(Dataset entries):
****************************************

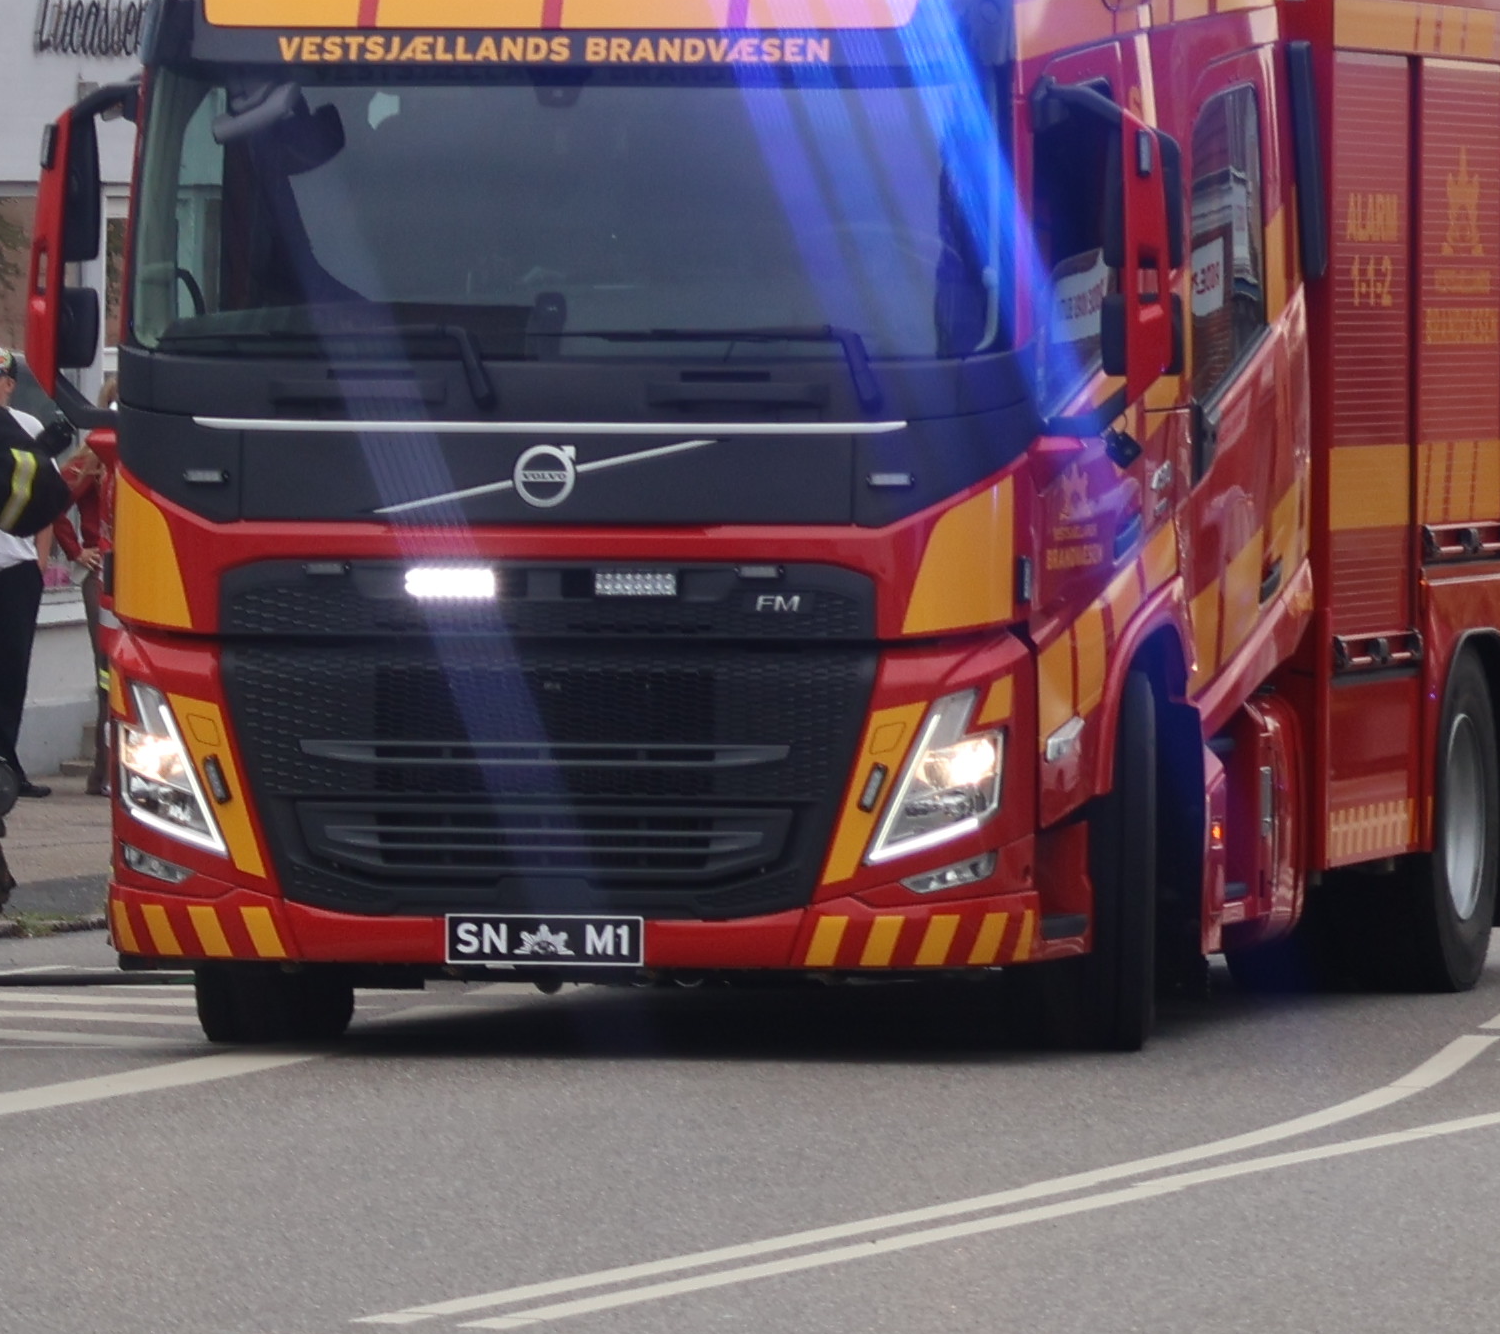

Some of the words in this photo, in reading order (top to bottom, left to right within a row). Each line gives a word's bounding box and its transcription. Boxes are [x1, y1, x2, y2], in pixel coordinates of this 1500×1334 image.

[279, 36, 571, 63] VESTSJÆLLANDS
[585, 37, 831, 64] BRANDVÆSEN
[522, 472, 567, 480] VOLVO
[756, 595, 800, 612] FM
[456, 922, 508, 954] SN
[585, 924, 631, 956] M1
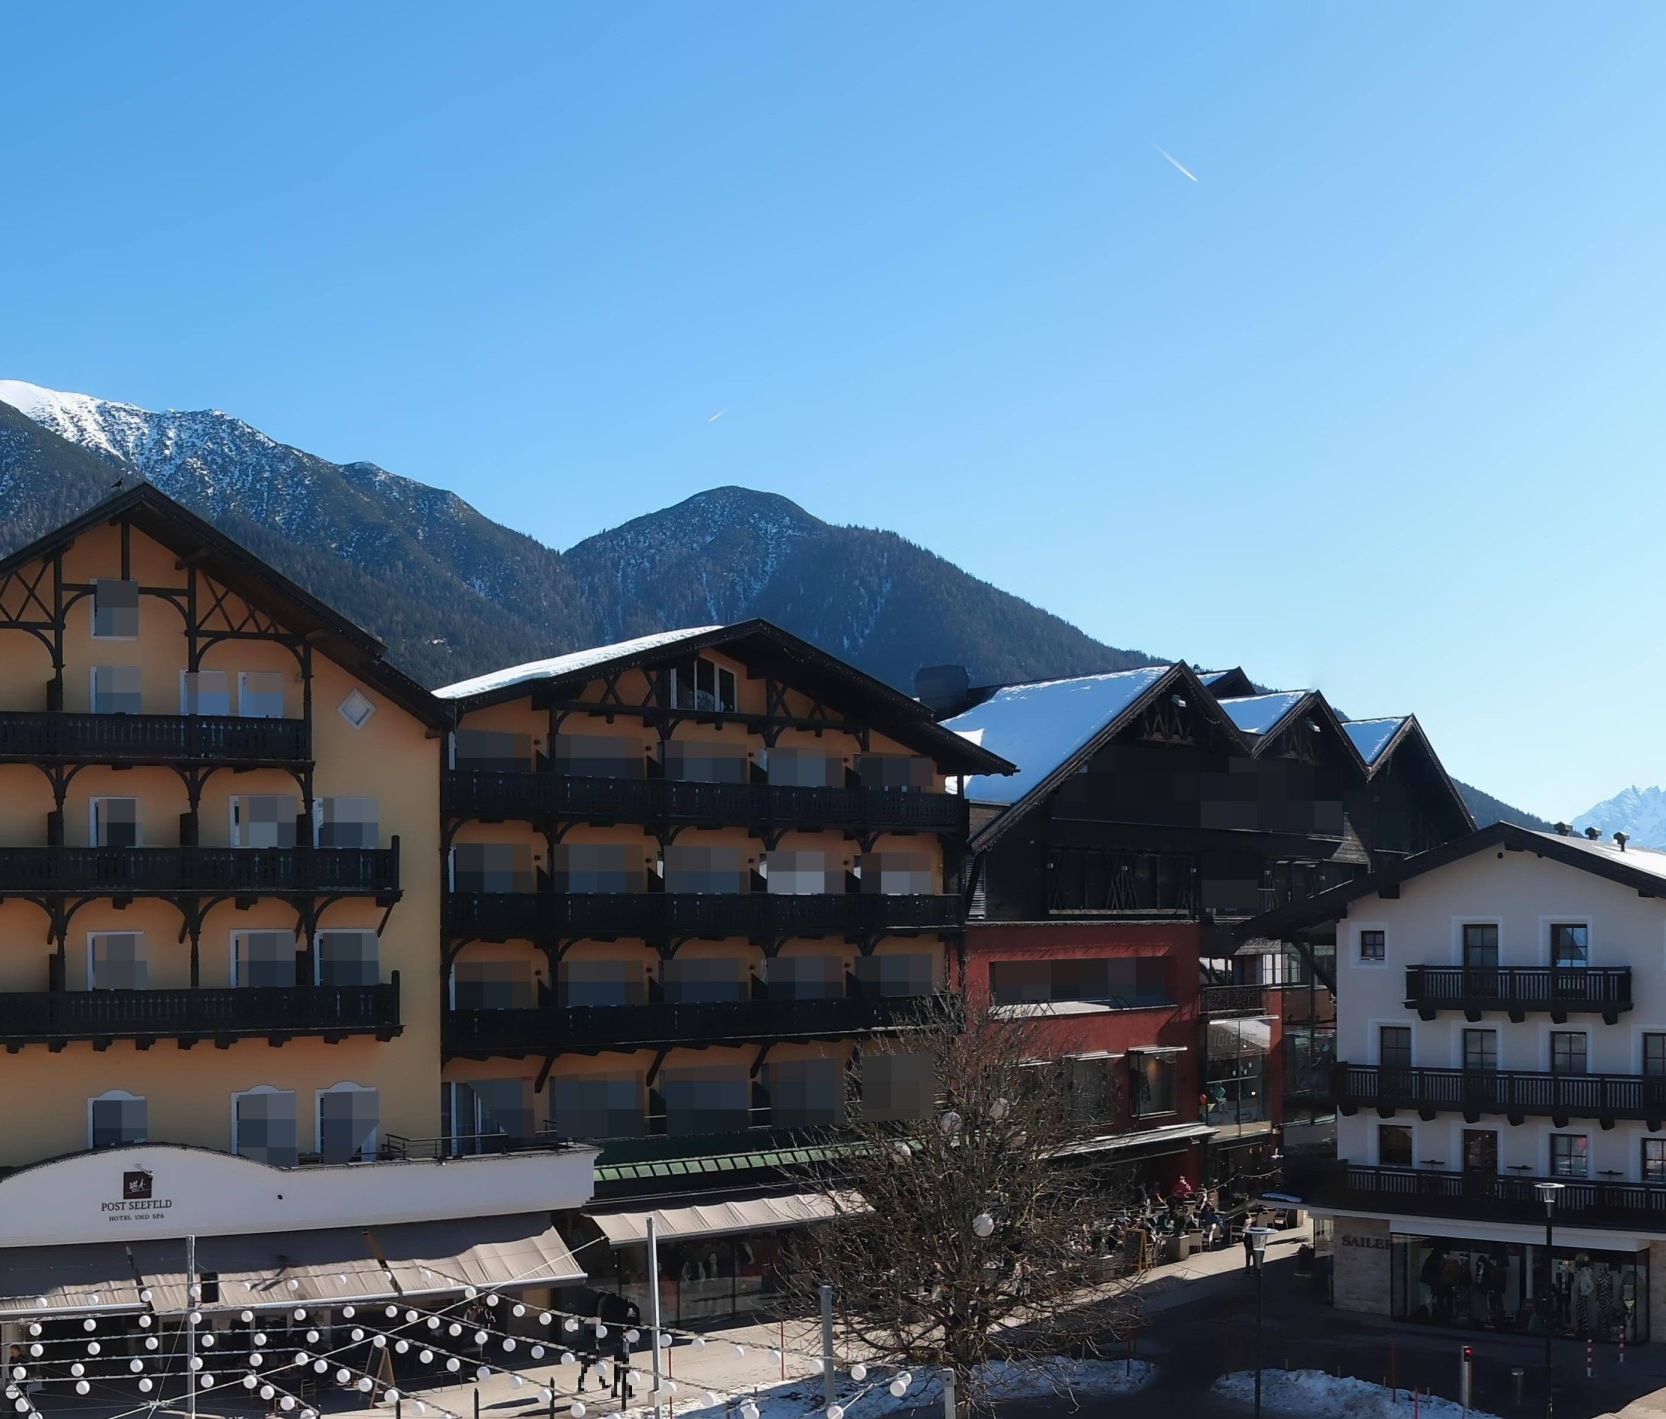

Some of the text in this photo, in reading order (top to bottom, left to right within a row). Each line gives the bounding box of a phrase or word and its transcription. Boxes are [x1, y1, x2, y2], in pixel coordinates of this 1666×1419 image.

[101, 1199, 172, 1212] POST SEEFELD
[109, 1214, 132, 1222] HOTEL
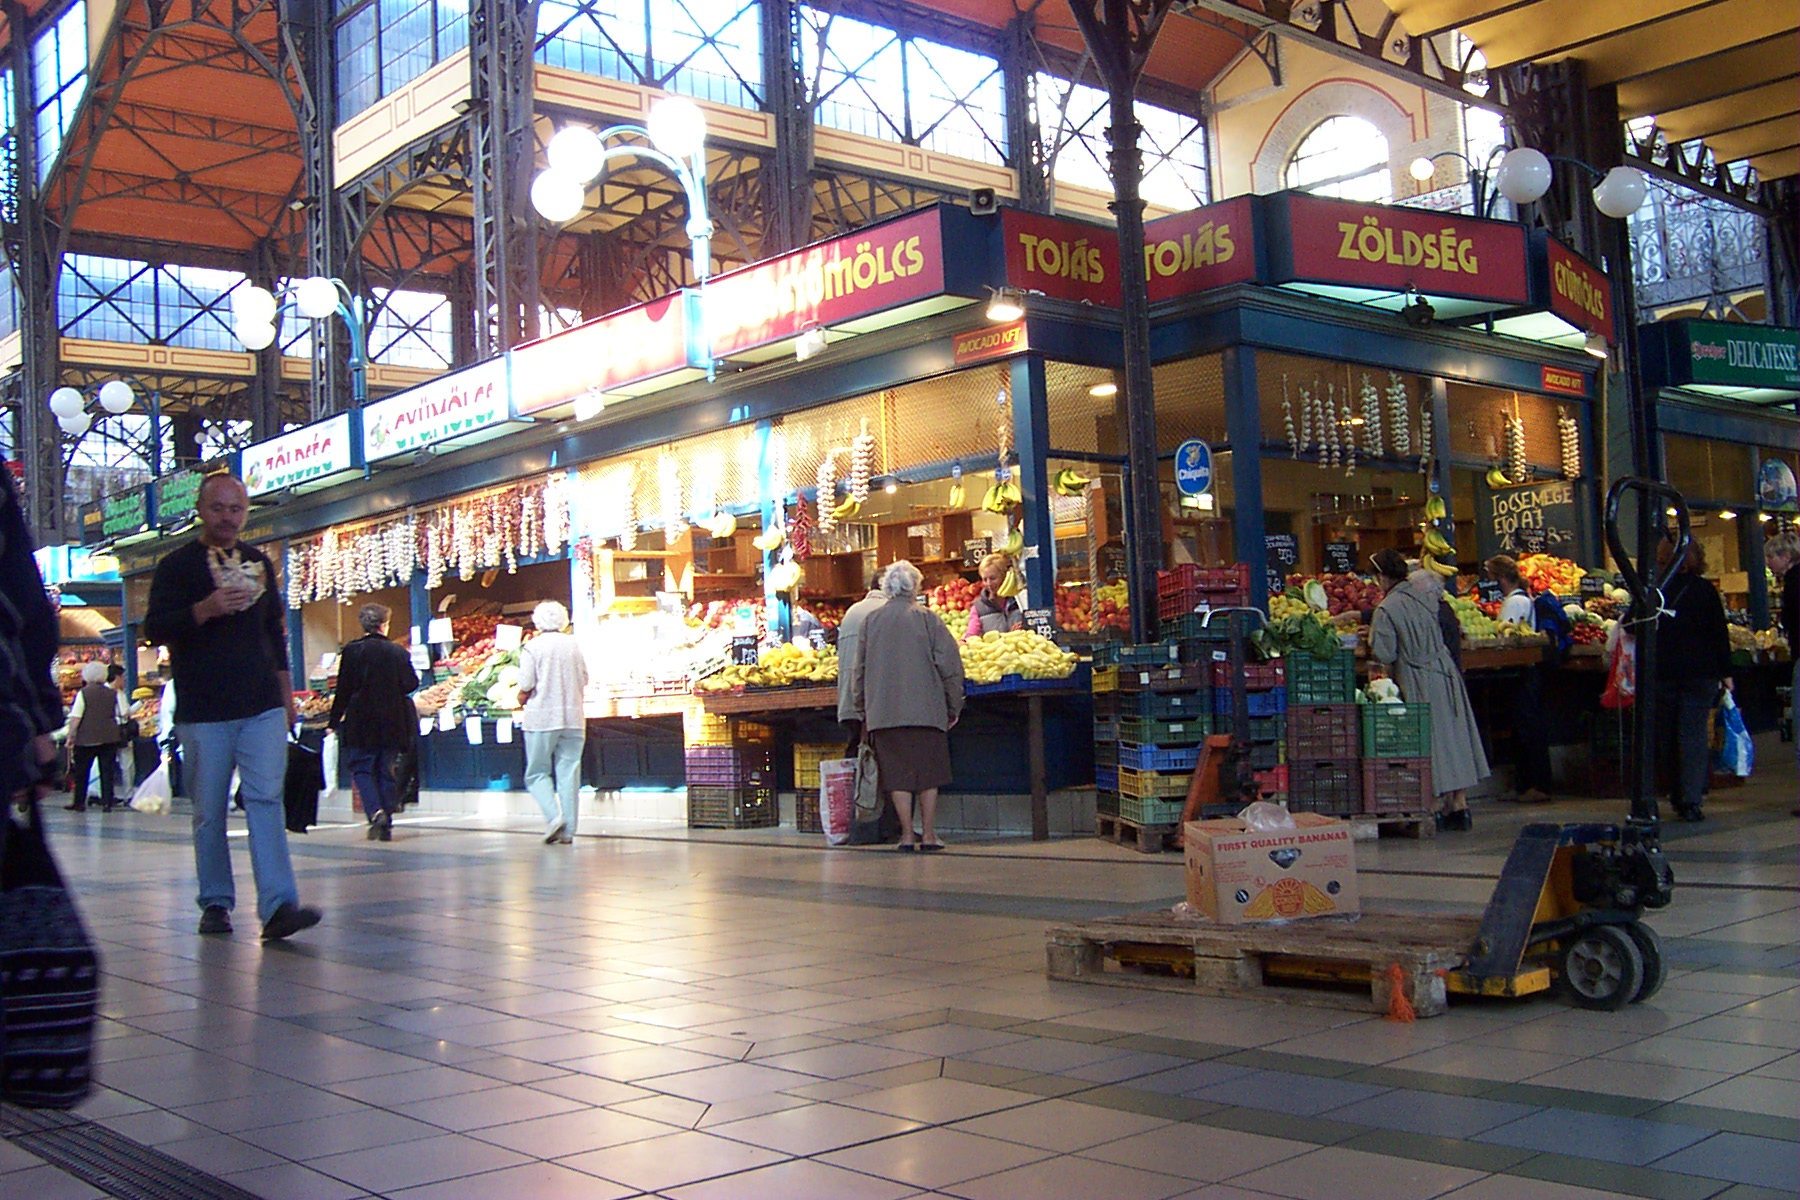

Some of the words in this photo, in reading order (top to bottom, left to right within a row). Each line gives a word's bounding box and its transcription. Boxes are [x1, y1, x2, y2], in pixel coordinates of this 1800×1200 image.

****************************************

(Task objective): Once the line containing "Some of the text" is found in the records above, it and every line after it up to the last must be repeated exactly, without pictures.

(Response):
Some of the text in this photo, in reading order (top to bottom, left to right within a row). Each line gives the bounding box of a phrase or word and its transcription. Boxes are [x1, y1, x2, y2], in pixel coordinates of this 1666×1419 image.

[101, 1199, 172, 1212] POST SEEFELD
[109, 1214, 132, 1222] HOTEL

Some of the words in this photo, in reading order (top to bottom, left to right within a row). Each line gives a word's bounding box and its transcription. Boxes are [x1, y1, x2, y2], in pixel coordinates of this 1800×1200 image.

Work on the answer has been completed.